Zhuo Yixuan tetap tenang memegang gelas, belum saatnya ia turun tangan, ia harus menunggu waktu yang tepat untuk membicarakan proyek dengan Saudara Zhang.
“Tuan Zhang memang orang yang lugas, bisa bekerja sama dengan Anda adalah kehormatan bagi perusahaan Xu. Kita sama-sama berkontribusi untuk perlindungan lingkungan, semoga ke depan bisa lebih sering bekerja sama,” kata Xu Weiwei sambil minum lagi. Ia tahu Tuan Zhang adalah orang yang terbuka, ini akan memudahkan urusan.
“Hahaha, benar sekali, Nona muda! Saya memang suka orang seperti kalian. Para pebisnis lain hanya memikirkan uang, sama sekali tidak peduli pada lingkungan. Hanya orang-orang yang punya visi sama seperti kita yang bisa bicara soal kerja sama,” ujar Tuan Zhang sambil mengungkapkan isi hatinya.
Zhuo Yixuan yang mendengarnya sedikit mengernyit, tampaknya Tuan Zhang ini tidak mudah didekati. Ia tidak yakin apakah Tuan Zhang akan tertarik dengan proyeknya.

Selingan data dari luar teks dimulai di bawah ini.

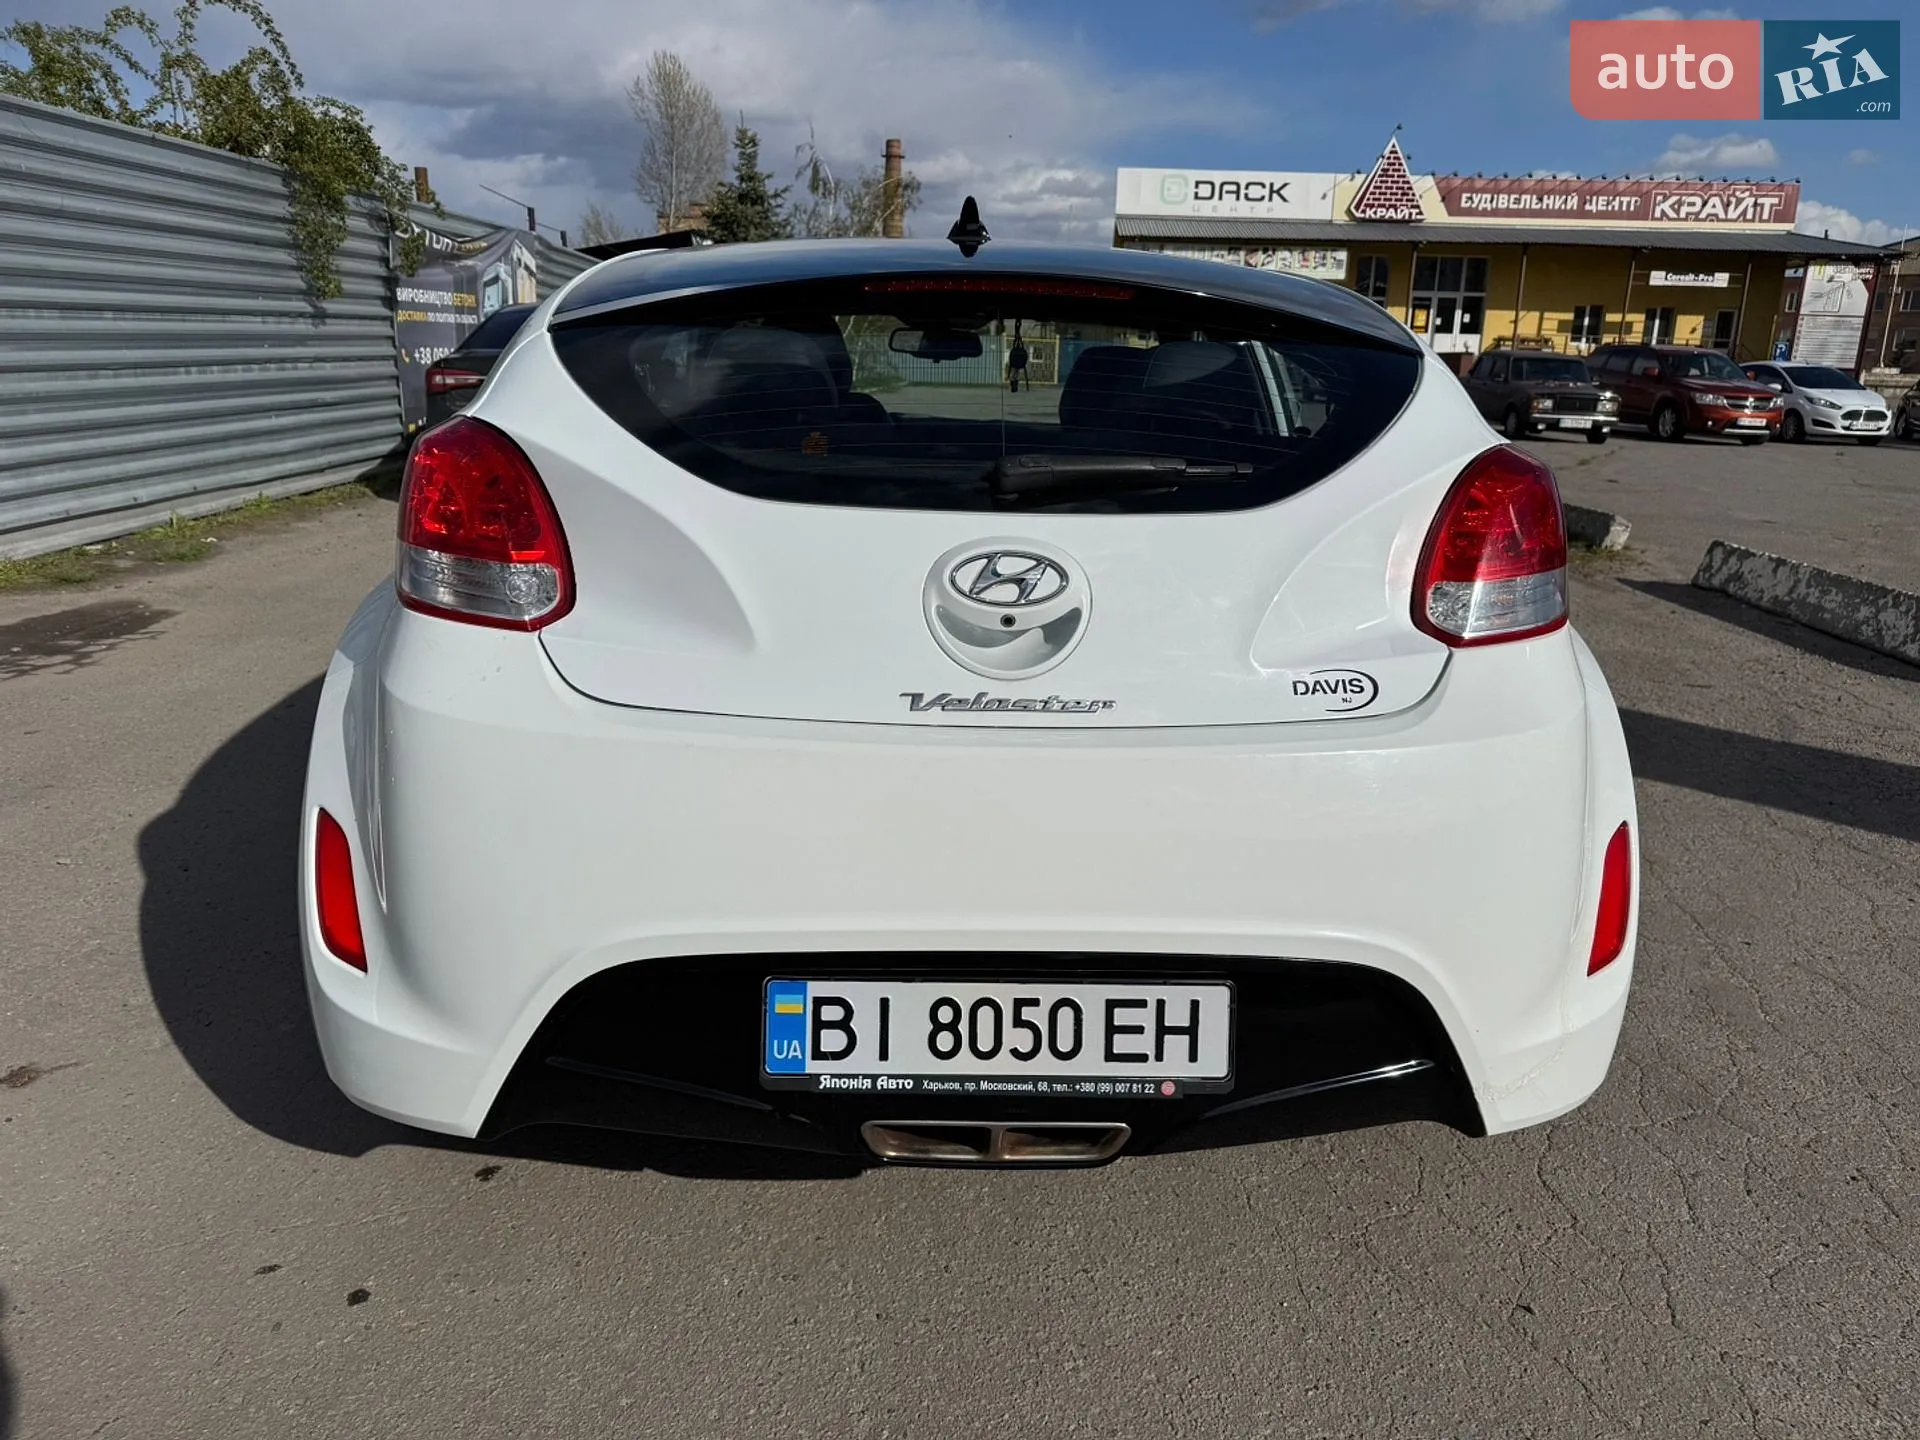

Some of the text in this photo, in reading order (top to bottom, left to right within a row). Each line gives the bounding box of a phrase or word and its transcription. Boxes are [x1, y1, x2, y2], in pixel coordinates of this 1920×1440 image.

[1193, 180, 1291, 203] DACK
[1192, 204, 1274, 214] ЦЕНТР
[1461, 192, 1641, 213] БУДІВЕЛЬНИЙ ЦЕНТР
[1654, 190, 1779, 220] КРАЙТ
[1365, 206, 1420, 221] КРАЙТ
[1292, 678, 1365, 696] DAVIS
[899, 692, 1117, 714] Veloster
[927, 996, 1084, 1062] 8050
[1103, 997, 1200, 1064] EH
[773, 1040, 803, 1060] UA
[819, 1074, 872, 1090] Японія
[876, 1075, 914, 1090] Авто
[922, 1079, 963, 1092] Харьков,
[964, 1082, 978, 1092] пр.
[980, 1079, 1036, 1093] Московский,
[1075, 1081, 1095, 1093] +380
[1115, 1081, 1130, 1094] 007
[1132, 1082, 1142, 1094] 81
[1144, 1082, 1155, 1094] 22

“Kalau Tuan Zhang sedang senang, bagaimana kalau kita putuskan proyek ini sekarang? Kita juga bisa jadi teman.” Xu Weiwei memanfaatkan kesempatan itu untuk mengajukan tawaran kerja sama.
“Baik, tapi Direktur Xu dan Nona Xu harus menemaniku minum sampai puas!” Tuan Zhang yang dihibur Xu Weiwei langsung setuju bekerja sama dengan Xu Borong.

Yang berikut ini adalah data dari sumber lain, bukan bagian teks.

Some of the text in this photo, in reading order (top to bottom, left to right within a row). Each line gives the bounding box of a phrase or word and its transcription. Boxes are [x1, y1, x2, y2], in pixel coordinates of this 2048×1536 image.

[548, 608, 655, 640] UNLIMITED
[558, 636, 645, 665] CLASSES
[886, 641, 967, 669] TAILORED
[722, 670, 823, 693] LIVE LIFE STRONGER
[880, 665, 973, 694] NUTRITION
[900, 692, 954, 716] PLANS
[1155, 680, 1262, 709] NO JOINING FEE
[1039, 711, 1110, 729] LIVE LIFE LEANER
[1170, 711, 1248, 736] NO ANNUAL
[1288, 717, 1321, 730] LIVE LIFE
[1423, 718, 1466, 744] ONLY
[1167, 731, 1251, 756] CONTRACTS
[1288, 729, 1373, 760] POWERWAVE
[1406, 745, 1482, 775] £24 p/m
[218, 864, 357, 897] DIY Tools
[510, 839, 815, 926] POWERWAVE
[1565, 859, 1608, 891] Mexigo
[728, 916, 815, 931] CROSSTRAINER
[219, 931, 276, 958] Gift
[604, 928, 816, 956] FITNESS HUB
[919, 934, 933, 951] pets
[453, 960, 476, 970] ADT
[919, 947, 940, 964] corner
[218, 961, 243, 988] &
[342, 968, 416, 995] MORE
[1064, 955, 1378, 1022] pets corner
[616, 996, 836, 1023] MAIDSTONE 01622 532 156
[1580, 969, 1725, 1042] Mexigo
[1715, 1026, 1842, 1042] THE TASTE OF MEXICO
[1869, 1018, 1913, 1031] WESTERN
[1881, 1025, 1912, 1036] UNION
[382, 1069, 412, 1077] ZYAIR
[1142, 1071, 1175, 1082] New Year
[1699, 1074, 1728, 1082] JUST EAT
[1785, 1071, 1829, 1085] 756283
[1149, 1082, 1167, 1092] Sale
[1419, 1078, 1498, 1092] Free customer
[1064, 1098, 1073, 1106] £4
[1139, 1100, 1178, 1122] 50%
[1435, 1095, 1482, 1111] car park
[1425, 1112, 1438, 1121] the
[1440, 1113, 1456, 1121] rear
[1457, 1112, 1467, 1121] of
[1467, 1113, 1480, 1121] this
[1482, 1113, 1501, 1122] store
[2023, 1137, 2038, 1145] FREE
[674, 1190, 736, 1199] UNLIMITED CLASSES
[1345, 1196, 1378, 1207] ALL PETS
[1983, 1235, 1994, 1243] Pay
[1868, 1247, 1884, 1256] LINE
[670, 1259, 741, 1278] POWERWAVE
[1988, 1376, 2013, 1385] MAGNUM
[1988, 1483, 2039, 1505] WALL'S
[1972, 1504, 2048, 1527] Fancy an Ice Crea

Namun, baru dua gelas Xu Borong sudah tak sadarkan diri di atas meja. Xu Weiwei yang menemani Tuan Zhang minum sampai beberapa gelas pun mulai merasa pusing dan limbung.
“Hari ini harus minum sampai puas…” Xu Weiwei masih memegang gelas, bergumam pelan.

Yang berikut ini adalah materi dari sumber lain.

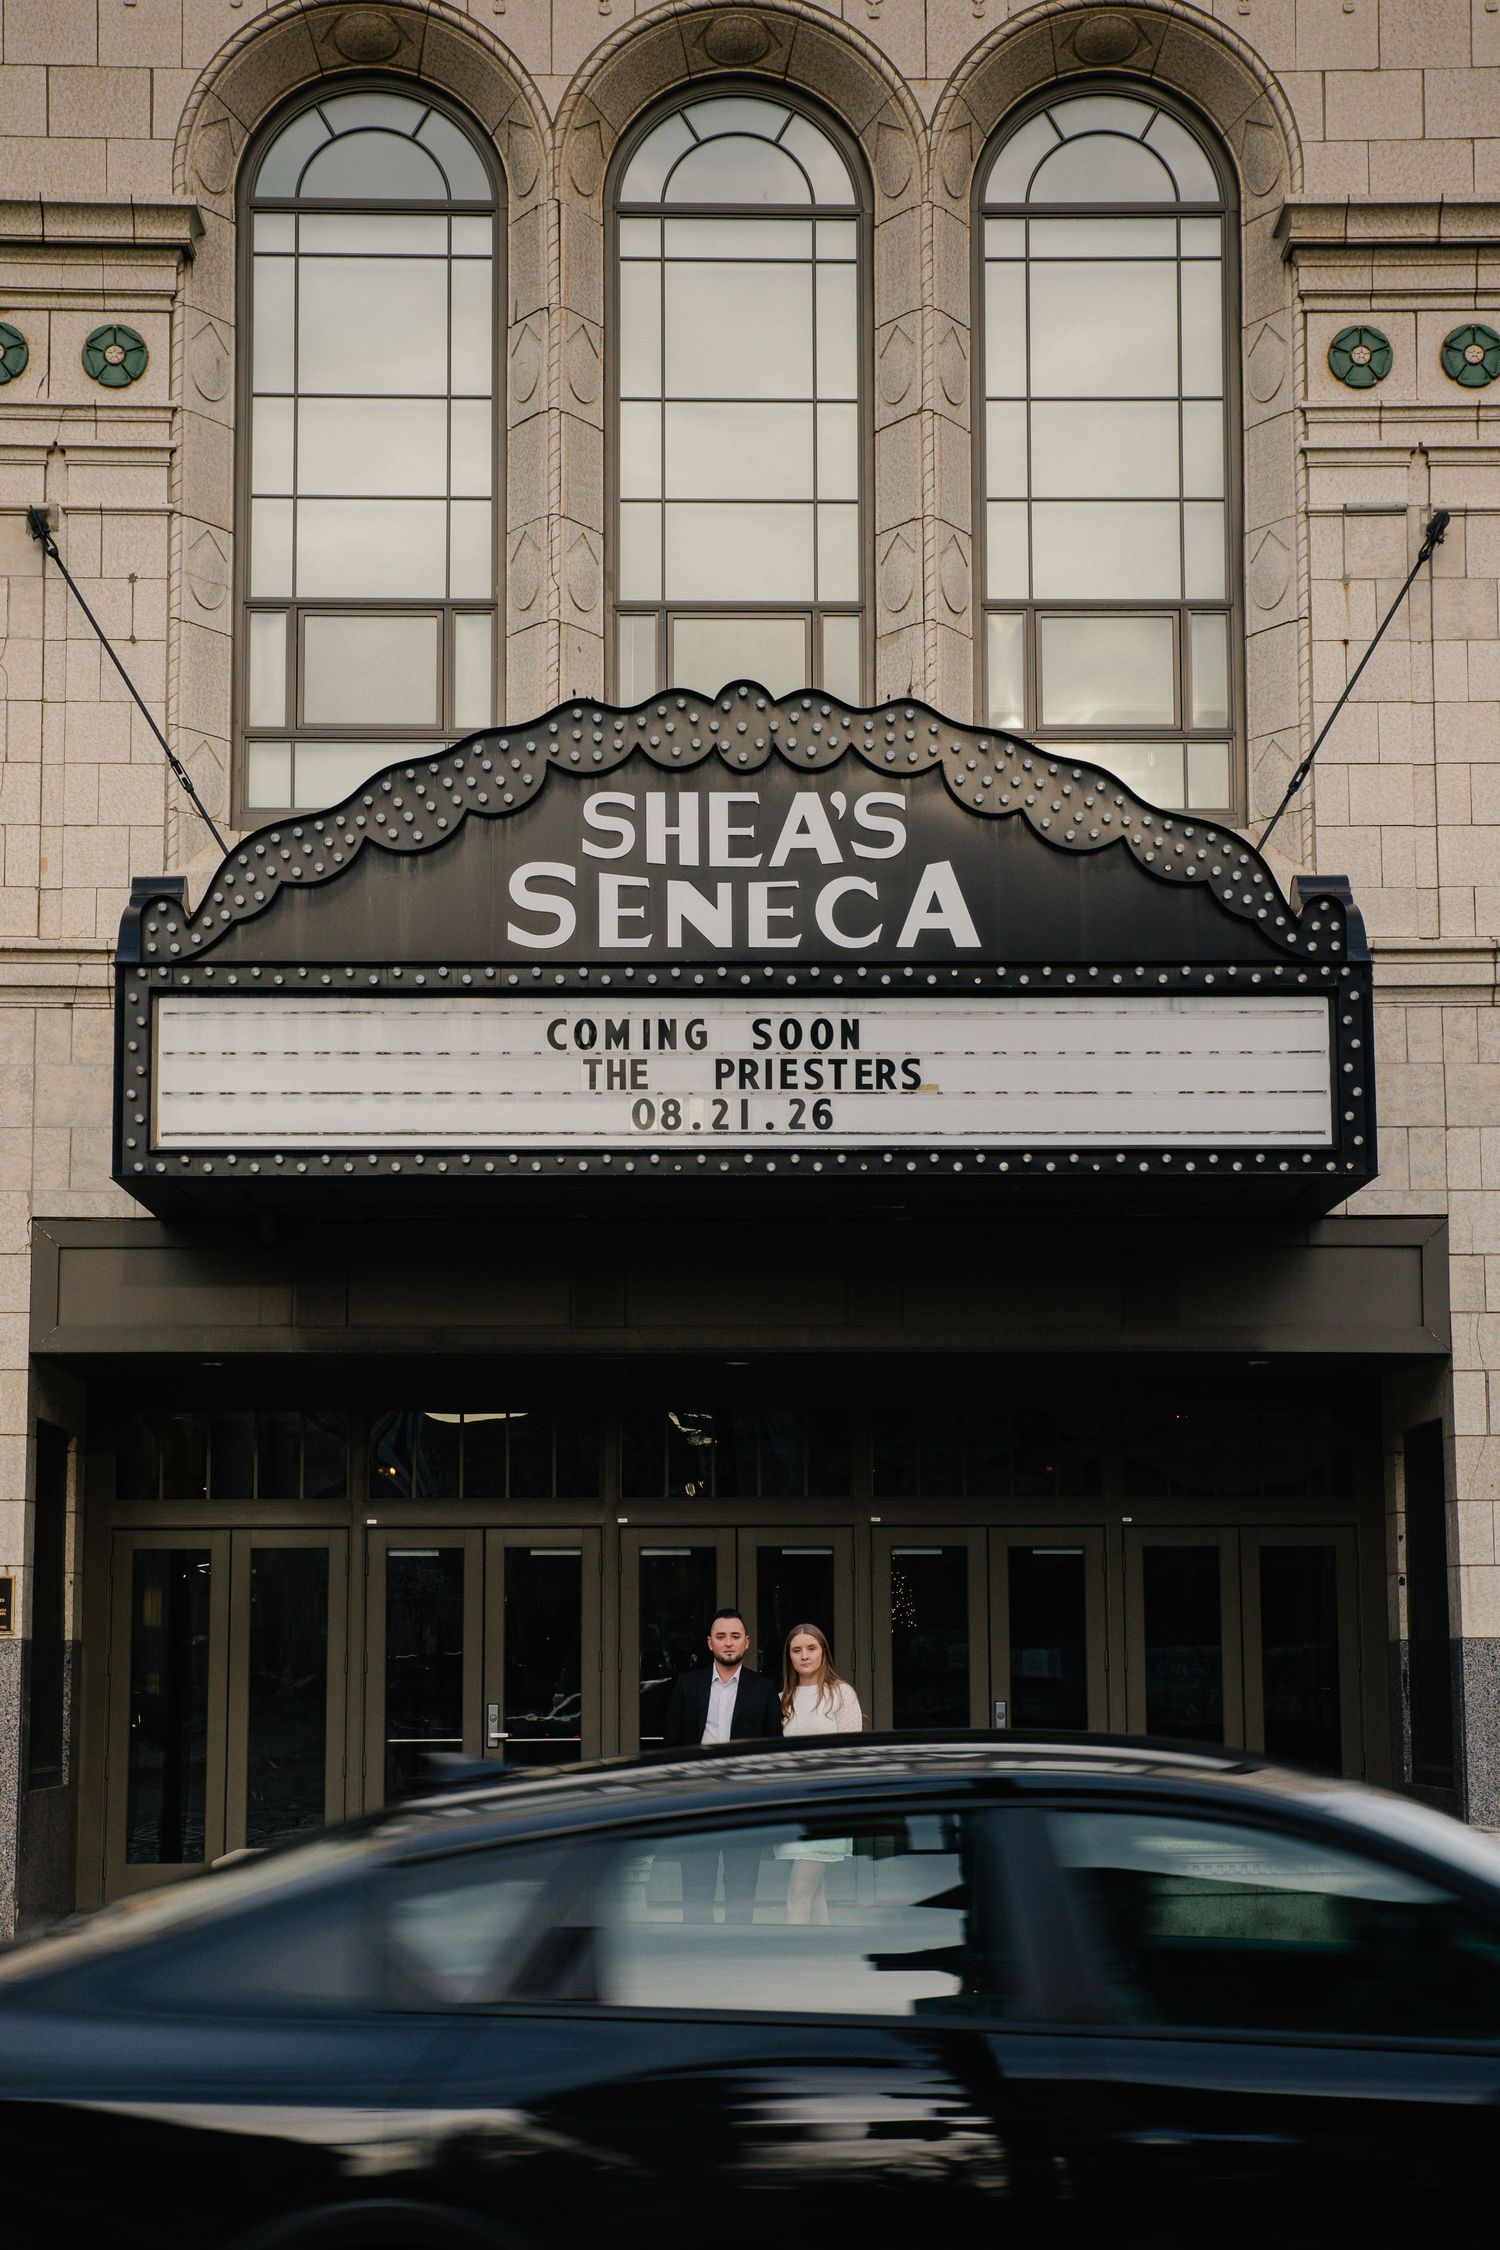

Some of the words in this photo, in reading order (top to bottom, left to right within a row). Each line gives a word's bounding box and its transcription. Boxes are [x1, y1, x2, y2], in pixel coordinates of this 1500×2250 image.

[582, 791, 907, 867] SHEA'S
[507, 860, 982, 949] SENECA
[547, 1018, 708, 1051] COMING
[752, 1018, 860, 1051] SOON
[583, 1058, 649, 1090] THE
[715, 1058, 921, 1090] PRIESTERS
[631, 1098, 833, 1131] 08.21.26

“Sudah, cukup, kalian sudah mabuk,” akhirnya Zhuo Yixuan tak tahan lagi. Ia sedari tadi hanya melihat dua bersaudara itu yang daya tahannya terhadap alkohol sangat buruk tapi tetap ikut jamuan. Untung malam ini ia sama sekali tidak menyentuh alkohol, kalau tidak, entah bagaimana cara mengurus dua orang ini.
“Jangan urusi aku. Kamu—bantu aku antar Tuan Zhang pulang!” Xu Weiwei melepaskan tangan Zhuo Yixuan, menunjuk ke arahnya dengan suara berat.
Wei Xin yang berada di samping mereka terkejut mendengar ucapan itu, buru-buru melirik ke wajah Zhuo Yixuan. Wajahnya berubah-ubah dan kini hampir menghitam.
Xu Weiwei yang sudah mabuk benar-benar berani, berani-beraninya menyuruh direktur utama mengantar klien pulang. Saat Wei Xin hendak turun tangan, jawaban Zhuo Yixuan membuatnya makin terkejut.
“Baik, aku antar. Kamu cepat pulang ke rumah.” Setelah berkata begitu, Zhuo Yixuan pun menopang Tuan Zhang keluar dari ruangan. Wei Xin buru-buru mengikuti. Ada apa dengan direktur malam ini, kenapa ia menuruti permintaan Xu Weiwei tanpa marah?
“Tidak perlu, tidak perlu, jangan antar aku.” Zhuo Yixuan baru saja membantu Tuan Zhang keluar dari hotel dan hendak menaikkannya ke mobil, Tuan Zhang sudah menolak dengan melambaikan tangan.
“Tak apa, aku bisa pulang sendiri.” Tuan Zhang langsung melambaikan tangan memanggil taksi dan naik sendiri.
“Cepat, suruh orang ikuti Tuan Zhang, cari tahu dia menginap di hotel mana,” perintah Zhuo Yixuan kepada Wei Xin. Sebenarnya ia ingin mengantarkan Tuan Zhang sendiri dan sekaligus membicarakan rencananya, tapi Tuan Zhang malah ingin pergi sendiri.
Tak ada pilihan lain, ia pun memerintahkan Wei Xin agar orangnya mengikuti Tuan Zhang diam-diam untuk mencari tahu di mana ia menginap, baru nanti ia akan datang berkunjung.
Wei Xin segera mundur, meninggalkan Zhuo Yixuan yang berdiri sendirian di lobi hotel, seolah masih menunggu seseorang.
Di sudut lobi, muncul sosok perempuan berbaju putih yang berjalan oleng. Xu Weiwei malam itu benar-benar mabuk, kepalanya terasa berat. Setelah dengan susah payah meminta sekretaris mengantarkan sang kakak pulang lebih dulu, kini ia sendiri harus memikirkan cara pulang.
Zhuo Yixuan segera mengenali sosok itu. Saat itu juga, ia merasa terdorong untuk segera menghampiri dan membantu Xu Weiwei, namun ia masih menahan diri.